**Work to be completed:** Would you return each record that follows word for word, without its pictures?

**Records for processing:**
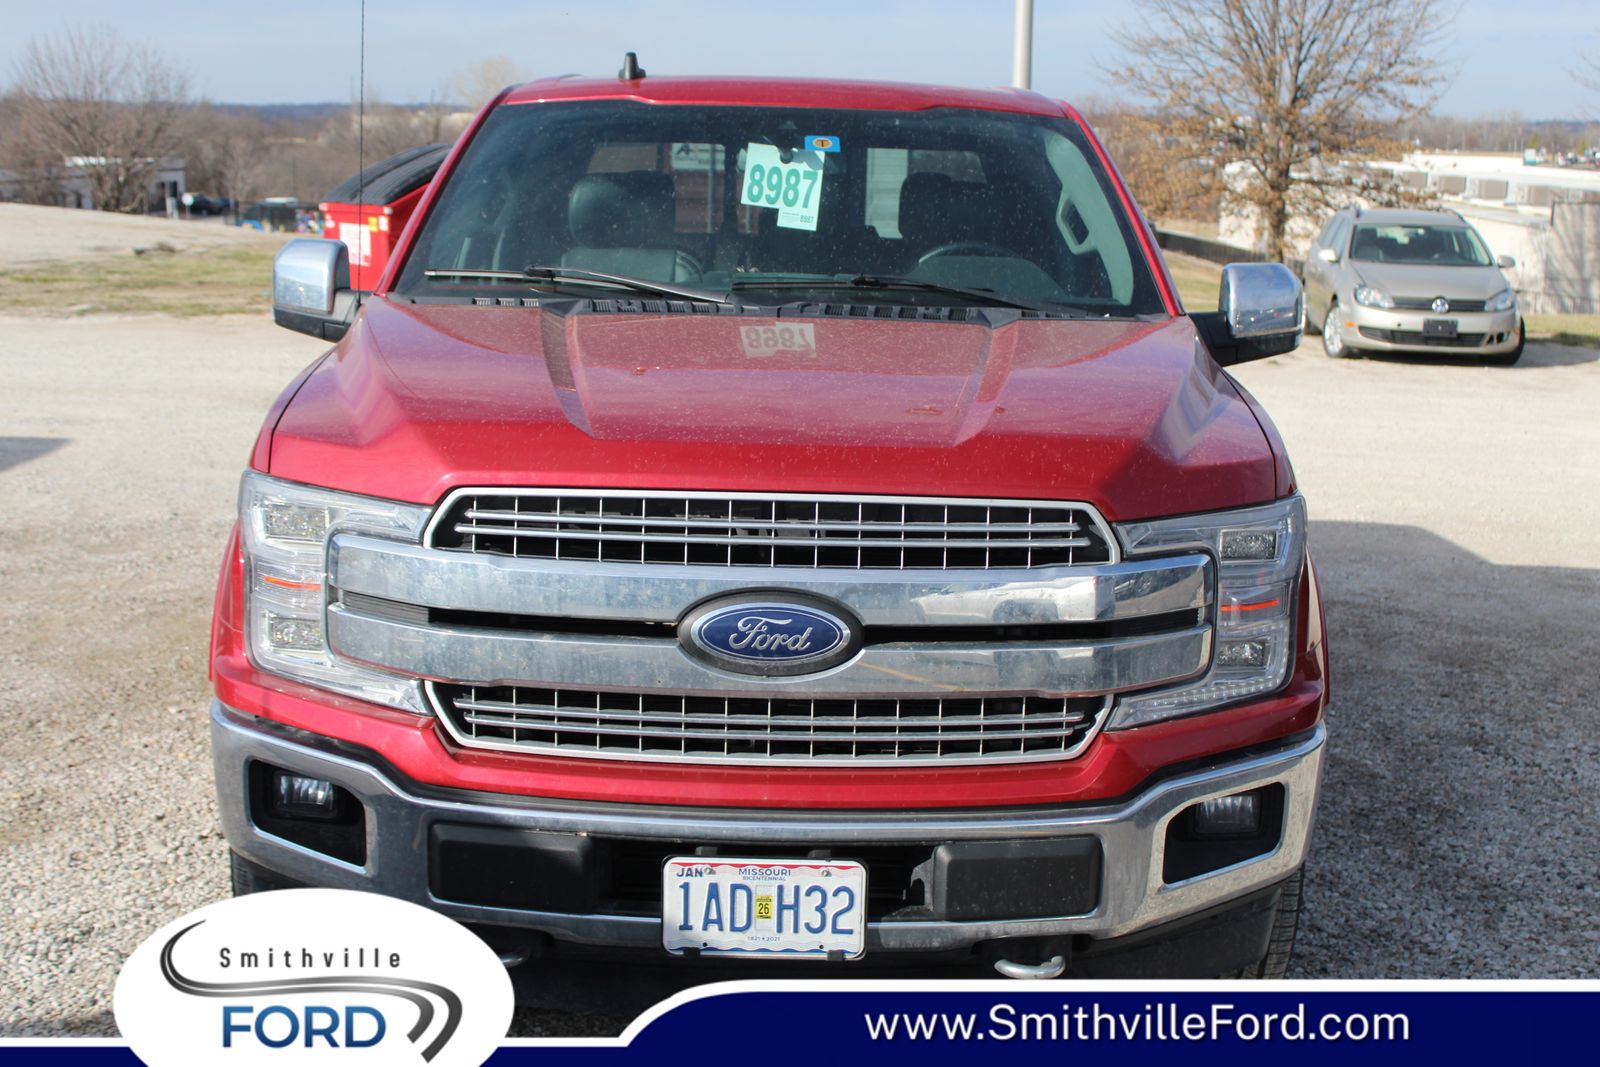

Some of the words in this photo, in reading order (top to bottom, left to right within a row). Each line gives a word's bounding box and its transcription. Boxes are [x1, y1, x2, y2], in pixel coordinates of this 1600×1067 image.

[747, 164, 819, 209] 8987
[728, 616, 813, 650] Ford
[676, 867, 704, 878] JAN
[738, 868, 791, 876] MISSOURI
[678, 881, 753, 932] 1AD
[776, 884, 855, 935] H32
[758, 903, 770, 915] 26
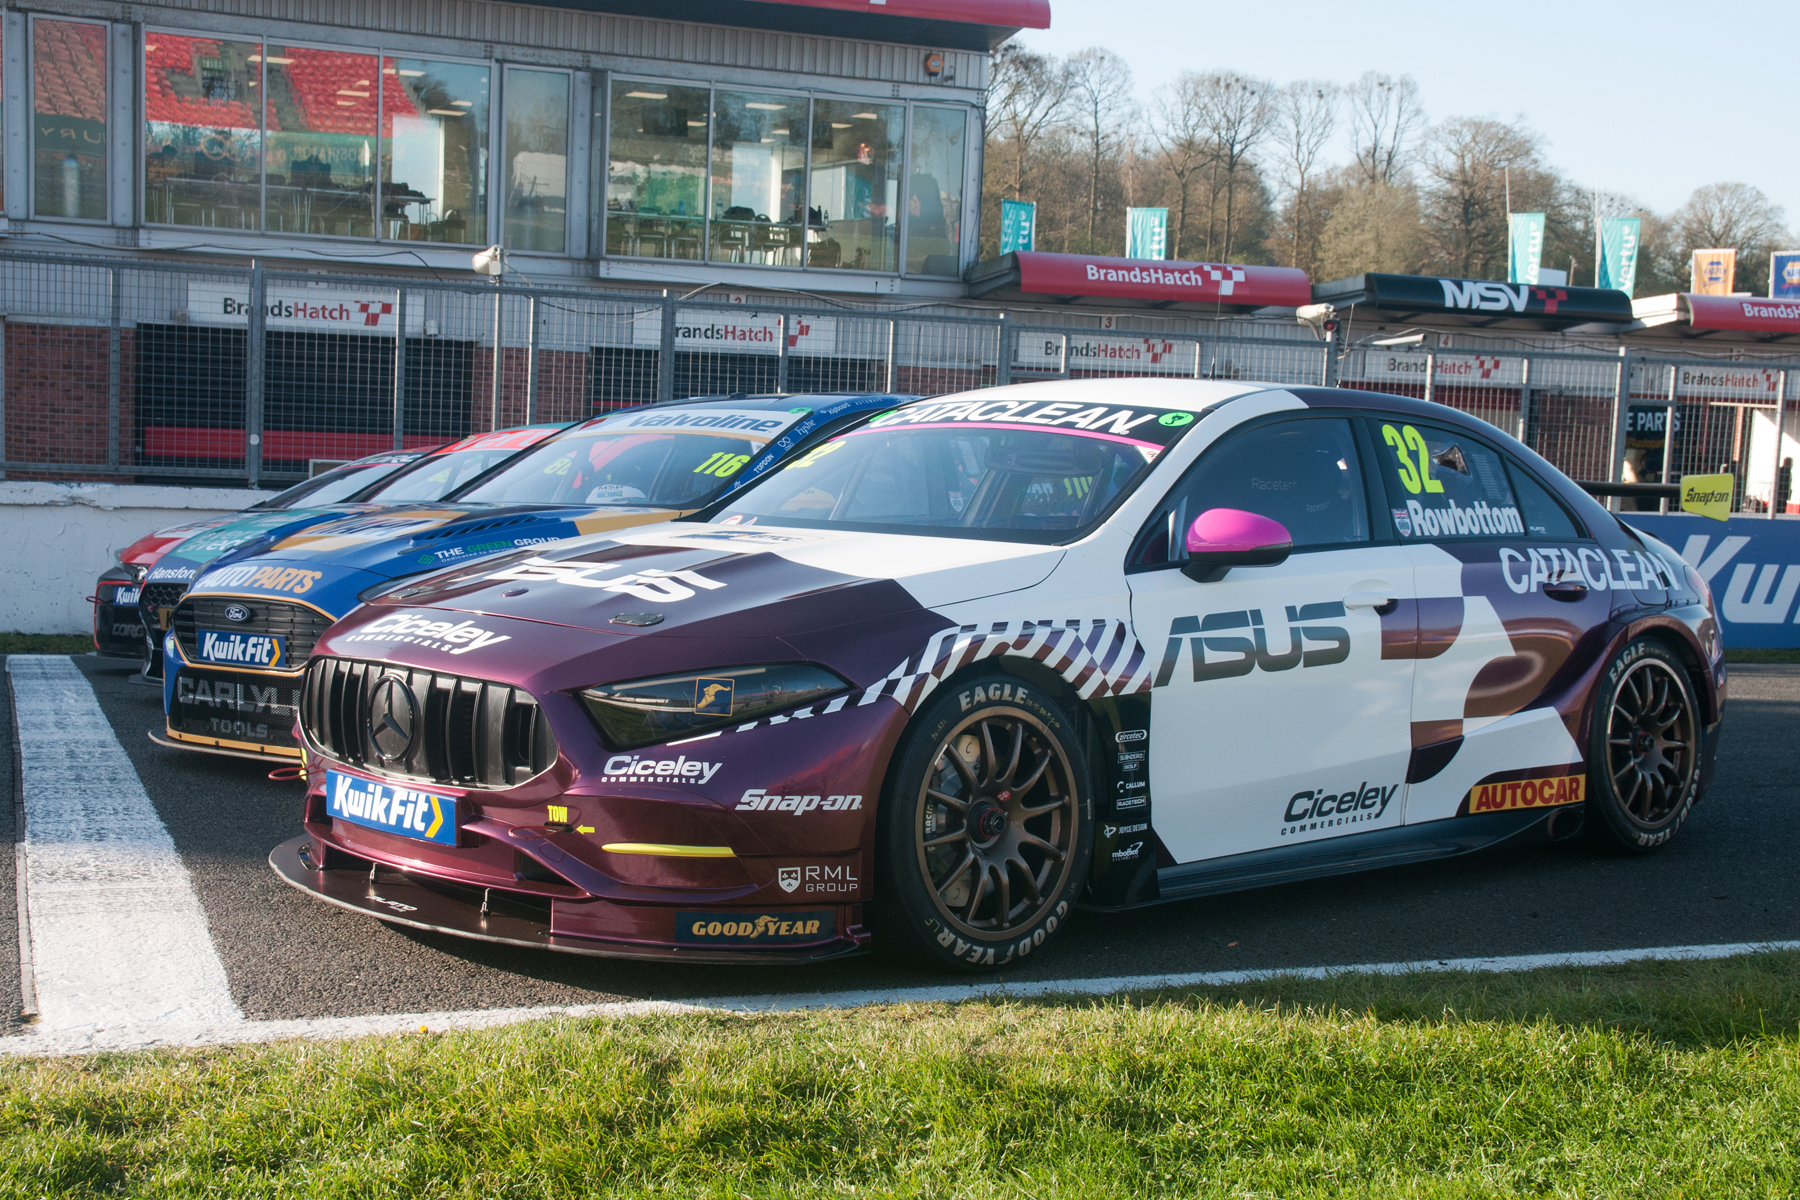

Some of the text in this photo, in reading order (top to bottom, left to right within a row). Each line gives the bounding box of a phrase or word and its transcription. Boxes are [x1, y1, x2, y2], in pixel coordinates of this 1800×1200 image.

[1085, 264, 1203, 287] BrandsHatch
[1438, 279, 1530, 312] MSV
[223, 297, 351, 321] BrdsHatch
[675, 323, 773, 342] randsHatch
[1104, 316, 1113, 329] 3
[1044, 340, 1141, 360] BrndsHatch
[1441, 335, 1450, 347] 4
[1387, 356, 1472, 375] BrandHatch
[627, 412, 784, 432] Valvoline
[869, 400, 1158, 435] CATACLEAN
[693, 451, 751, 478] 116
[753, 453, 775, 474] TOPDON
[1381, 423, 1445, 495] 32
[1684, 486, 1730, 506] Snap-on
[1406, 498, 1526, 538] Rowbottom
[434, 546, 465, 559] THE
[466, 540, 513, 553] GREEN
[1499, 547, 1682, 595] CATACLEAN
[226, 606, 248, 620] Ford
[345, 634, 453, 652] COMMERCIALS
[360, 613, 513, 655] Ciceley
[1152, 600, 1351, 689] ASUS
[1608, 641, 1646, 686] EAGLE
[958, 682, 1029, 713] EAGLE
[209, 716, 269, 739] TOOLS
[601, 776, 696, 785] COMMERCIALS
[603, 754, 724, 785] Ciceley
[1125, 780, 1146, 790] CALLUM
[1475, 776, 1581, 812] AUTOCAR
[734, 788, 863, 816] Snap-on
[1283, 780, 1400, 823] Ciceley
[547, 804, 569, 824] TOW
[1280, 812, 1373, 837] COMMERCIALS
[805, 865, 858, 881] RML
[805, 882, 858, 893] GROUP
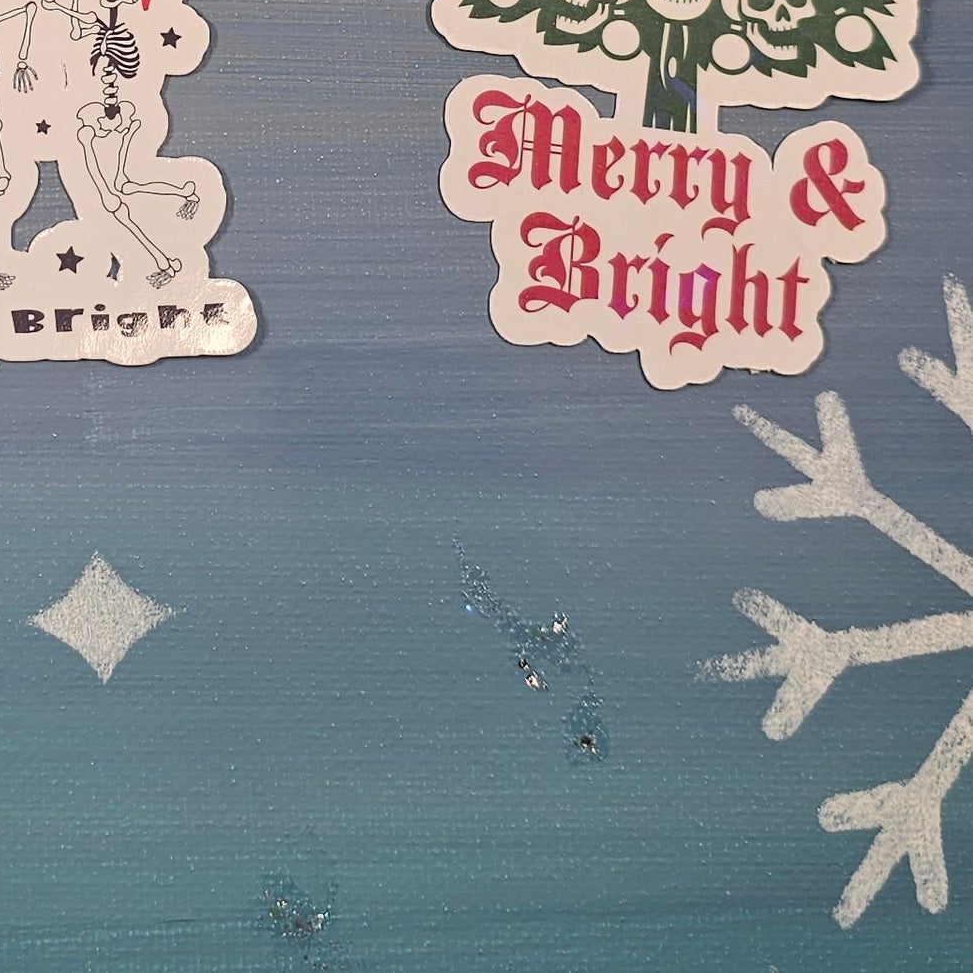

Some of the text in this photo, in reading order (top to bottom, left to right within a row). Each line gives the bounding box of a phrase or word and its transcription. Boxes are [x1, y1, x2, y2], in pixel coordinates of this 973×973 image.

[468, 90, 866, 240] Merry &
[11, 303, 230, 338] Bright
[518, 211, 810, 356] Bright

**Solution to the problem:**
Some of the words in this photo, in reading order (top to bottom, left to right within a row). Each line gives a word's bounding box and its transcription. Boxes are [x1, y1, x2, y2], in pixel coordinates of this 1600×1067 image.

[747, 164, 819, 209] 8987
[728, 616, 813, 650] Ford
[676, 867, 704, 878] JAN
[738, 868, 791, 876] MISSOURI
[678, 881, 753, 932] 1AD
[776, 884, 855, 935] H32
[758, 903, 770, 915] 26

Some of the text in this photo, in reading order (top to bottom, left to right within a row). Each line gives the bounding box of a phrase or word and its transcription. Boxes are [x1, y1, x2, y2], in pixel coordinates of this 1800×1200 image.

[1085, 264, 1203, 287] BrandsHatch
[1438, 279, 1530, 312] MSV
[223, 297, 351, 321] BrdsHatch
[675, 323, 773, 342] randsHatch
[1104, 316, 1113, 329] 3
[1044, 340, 1141, 360] BrndsHatch
[1441, 335, 1450, 347] 4
[1387, 356, 1472, 375] BrandHatch
[627, 412, 784, 432] Valvoline
[869, 400, 1158, 435] CATACLEAN
[693, 451, 751, 478] 116
[753, 453, 775, 474] TOPDON
[1381, 423, 1445, 495] 32
[1684, 486, 1730, 506] Snap-on
[1406, 498, 1526, 538] Rowbottom
[434, 546, 465, 559] THE
[466, 540, 513, 553] GREEN
[1499, 547, 1682, 595] CATACLEAN
[226, 606, 248, 620] Ford
[345, 634, 453, 652] COMMERCIALS
[360, 613, 513, 655] Ciceley
[1152, 600, 1351, 689] ASUS
[1608, 641, 1646, 686] EAGLE
[958, 682, 1029, 713] EAGLE
[209, 716, 269, 739] TOOLS
[601, 776, 696, 785] COMMERCIALS
[603, 754, 724, 785] Ciceley
[1125, 780, 1146, 790] CALLUM
[1475, 776, 1581, 812] AUTOCAR
[734, 788, 863, 816] Snap-on
[1283, 780, 1400, 823] Ciceley
[547, 804, 569, 824] TOW
[1280, 812, 1373, 837] COMMERCIALS
[805, 865, 858, 881] RML
[805, 882, 858, 893] GROUP

Some of the text in this photo, in reading order (top to bottom, left to right within a row). Each line gives the bounding box of a phrase or word and its transcription. Boxes are [x1, y1, x2, y2], in pixel coordinates of this 973×973 image.

[468, 90, 866, 240] Merry &
[11, 303, 230, 338] Bright
[518, 211, 810, 356] Bright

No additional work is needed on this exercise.